* Data records *

┌────────

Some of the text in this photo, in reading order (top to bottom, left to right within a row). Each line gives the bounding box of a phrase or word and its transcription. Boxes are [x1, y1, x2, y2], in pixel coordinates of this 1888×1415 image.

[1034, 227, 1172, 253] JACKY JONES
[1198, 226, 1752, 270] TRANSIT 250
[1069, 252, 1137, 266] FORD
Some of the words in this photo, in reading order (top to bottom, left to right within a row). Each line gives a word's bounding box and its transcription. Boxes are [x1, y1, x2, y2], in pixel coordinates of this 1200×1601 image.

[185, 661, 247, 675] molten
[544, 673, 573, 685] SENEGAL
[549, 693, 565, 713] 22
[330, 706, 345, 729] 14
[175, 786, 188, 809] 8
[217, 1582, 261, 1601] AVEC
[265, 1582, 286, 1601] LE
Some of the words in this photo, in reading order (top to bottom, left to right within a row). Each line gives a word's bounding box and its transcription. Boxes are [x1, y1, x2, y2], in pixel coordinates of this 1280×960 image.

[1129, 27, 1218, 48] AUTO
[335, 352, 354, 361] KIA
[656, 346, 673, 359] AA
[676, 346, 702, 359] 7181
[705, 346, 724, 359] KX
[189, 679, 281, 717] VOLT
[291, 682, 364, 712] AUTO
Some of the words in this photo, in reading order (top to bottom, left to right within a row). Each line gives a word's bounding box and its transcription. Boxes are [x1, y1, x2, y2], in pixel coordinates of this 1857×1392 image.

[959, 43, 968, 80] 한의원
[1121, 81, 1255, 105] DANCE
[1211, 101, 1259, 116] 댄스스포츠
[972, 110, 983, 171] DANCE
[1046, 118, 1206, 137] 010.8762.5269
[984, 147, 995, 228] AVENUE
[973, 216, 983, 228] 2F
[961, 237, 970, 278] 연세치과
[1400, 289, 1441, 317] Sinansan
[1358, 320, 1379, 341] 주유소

└────────

* What is needed *
Retype every record exactly, omitting nothing.

* Solution for this exercise *
Some of the text in this photo, in reading order (top to bottom, left to right within a row). Each line gives the bounding box of a phrase or word and its transcription. Boxes are [x1, y1, x2, y2], in pixel coordinates of this 1888×1415 image.

[1034, 227, 1172, 253] JACKY JONES
[1198, 226, 1752, 270] TRANSIT 250
[1069, 252, 1137, 266] FORD
Some of the words in this photo, in reading order (top to bottom, left to right within a row). Each line gives a word's bounding box and its transcription. Boxes are [x1, y1, x2, y2], in pixel coordinates of this 1200×1601 image.

[185, 661, 247, 675] molten
[544, 673, 573, 685] SENEGAL
[549, 693, 565, 713] 22
[330, 706, 345, 729] 14
[175, 786, 188, 809] 8
[217, 1582, 261, 1601] AVEC
[265, 1582, 286, 1601] LE
Some of the words in this photo, in reading order (top to bottom, left to right within a row). Each line gives a word's bounding box and its transcription. Boxes are [x1, y1, x2, y2], in pixel coordinates of this 1280×960 image.

[1129, 27, 1218, 48] AUTO
[335, 352, 354, 361] KIA
[656, 346, 673, 359] AA
[676, 346, 702, 359] 7181
[705, 346, 724, 359] KX
[189, 679, 281, 717] VOLT
[291, 682, 364, 712] AUTO
Some of the words in this photo, in reading order (top to bottom, left to right within a row). Each line gives a word's bounding box and its transcription. Boxes are [x1, y1, x2, y2], in pixel coordinates of this 1857×1392 image.

[959, 43, 968, 80] 한의원
[1121, 81, 1255, 105] DANCE
[1211, 101, 1259, 116] 댄스스포츠
[972, 110, 983, 171] DANCE
[1046, 118, 1206, 137] 010.8762.5269
[984, 147, 995, 228] AVENUE
[973, 216, 983, 228] 2F
[961, 237, 970, 278] 연세치과
[1400, 289, 1441, 317] Sinansan
[1358, 320, 1379, 341] 주유소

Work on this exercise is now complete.